One of the widely held tenets of free trade is that as countries advance, lower paying, capital intensive jobs move off shore and higher paid, knowledge jobs are created. Over the past few decades, this has largely held true. Things appear to be changing in recent years. Recent data has been showing that lower paying jobs are now replacing good manufacturing and information jobs.
From the Center for American Progress
PROBLEM - JOBS SHIFTING TO LOWER-PAID INDUSTRIES: According to a report released today by the Economic Policy Institute, "In 48 out of 50 states, jobs are shifting from higher-paying industries such as manufacturing and information to lower-paying industries such as retail and hospitality...In California, for example, the average pay in industries that are growing is $34,742, 40% less than the average wage in industries that are shrinking, $57,800."
PROBLEM – MORE LOWER-PAYING JOBS FORECASTED: The EPI report also found "the average wage of new jobs created during the 2004-05 period is forecast to be $35,855, significantly lower than the $43,629 average wage of those jobs lost between 2001-03. The annual wages lost in declining job sectors equaled $182 billion; advancing sector wages are expected to equal only $156 billion, a $26 billion annual shortfall in wages."
Efforts to preserve these high paying jobs is on the rise. A recent article in the Washington Post talks about a paragraph in the Presidents 2005 budget that
prohibits the federal government from awarding certain contracts to companies that will perform the work overseas. The measure expires at the end of September, and industry officials say few contracts are likely to be affected.

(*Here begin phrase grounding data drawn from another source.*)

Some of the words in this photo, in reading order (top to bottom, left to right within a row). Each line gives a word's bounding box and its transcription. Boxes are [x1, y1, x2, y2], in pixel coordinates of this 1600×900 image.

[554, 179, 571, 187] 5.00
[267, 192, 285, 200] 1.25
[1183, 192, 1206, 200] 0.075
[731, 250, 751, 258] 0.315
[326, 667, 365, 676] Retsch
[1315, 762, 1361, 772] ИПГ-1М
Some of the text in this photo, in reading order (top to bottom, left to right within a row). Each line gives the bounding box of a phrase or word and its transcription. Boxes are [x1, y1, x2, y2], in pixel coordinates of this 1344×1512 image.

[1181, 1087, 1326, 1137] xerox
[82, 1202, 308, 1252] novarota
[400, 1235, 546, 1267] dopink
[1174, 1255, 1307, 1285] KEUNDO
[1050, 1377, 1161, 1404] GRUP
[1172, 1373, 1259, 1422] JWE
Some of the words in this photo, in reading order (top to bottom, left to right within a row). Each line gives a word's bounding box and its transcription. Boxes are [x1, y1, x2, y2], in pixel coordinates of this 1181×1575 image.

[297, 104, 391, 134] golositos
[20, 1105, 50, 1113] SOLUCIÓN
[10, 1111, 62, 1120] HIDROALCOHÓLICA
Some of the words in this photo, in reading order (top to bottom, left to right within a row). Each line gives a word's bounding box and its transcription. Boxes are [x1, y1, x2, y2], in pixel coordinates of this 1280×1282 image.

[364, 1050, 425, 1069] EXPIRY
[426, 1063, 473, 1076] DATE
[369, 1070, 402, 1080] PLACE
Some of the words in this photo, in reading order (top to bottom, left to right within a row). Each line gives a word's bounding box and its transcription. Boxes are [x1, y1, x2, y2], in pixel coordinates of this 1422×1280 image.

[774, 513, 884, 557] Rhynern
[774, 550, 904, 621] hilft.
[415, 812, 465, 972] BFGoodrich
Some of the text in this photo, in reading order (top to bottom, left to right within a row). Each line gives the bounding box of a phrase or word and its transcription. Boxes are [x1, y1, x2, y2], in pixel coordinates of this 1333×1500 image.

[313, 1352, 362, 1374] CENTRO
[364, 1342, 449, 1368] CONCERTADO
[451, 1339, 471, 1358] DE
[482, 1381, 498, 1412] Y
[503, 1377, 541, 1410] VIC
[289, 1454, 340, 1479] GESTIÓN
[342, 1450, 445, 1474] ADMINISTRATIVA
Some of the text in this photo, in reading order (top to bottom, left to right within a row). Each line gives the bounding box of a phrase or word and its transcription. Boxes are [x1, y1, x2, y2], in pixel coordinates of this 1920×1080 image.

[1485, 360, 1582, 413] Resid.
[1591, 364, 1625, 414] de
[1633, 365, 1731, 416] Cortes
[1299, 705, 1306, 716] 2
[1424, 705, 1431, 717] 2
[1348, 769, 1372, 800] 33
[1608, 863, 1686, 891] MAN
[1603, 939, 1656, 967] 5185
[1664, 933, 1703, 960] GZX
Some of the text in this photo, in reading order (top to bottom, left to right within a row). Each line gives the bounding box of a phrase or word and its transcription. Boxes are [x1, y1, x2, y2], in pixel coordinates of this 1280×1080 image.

But the provision sets a precedent that information technology companies say could stoke a national backlash against them.
Is shifting high paying, knowledge jobs good for the US? Lower cost software, biotech, and call centers should, in theory lead to continued rising living standards here and lower consumer prices. But now that job loss is hitting home to the middle and upper-middle class, more and more people are getting upset. From the post article,
Critics say the trend contributes to the U.S. economy's "jobless recovery," along with the more extensive loss of manufacturing jobs transplanted overseas. Last July, for instance, U.S. firms shipped as many as 30,000 new service-sector jobs to India while eliminating some 226,000 in this country, according to a recent study by researchers at the University of California, Berkeley.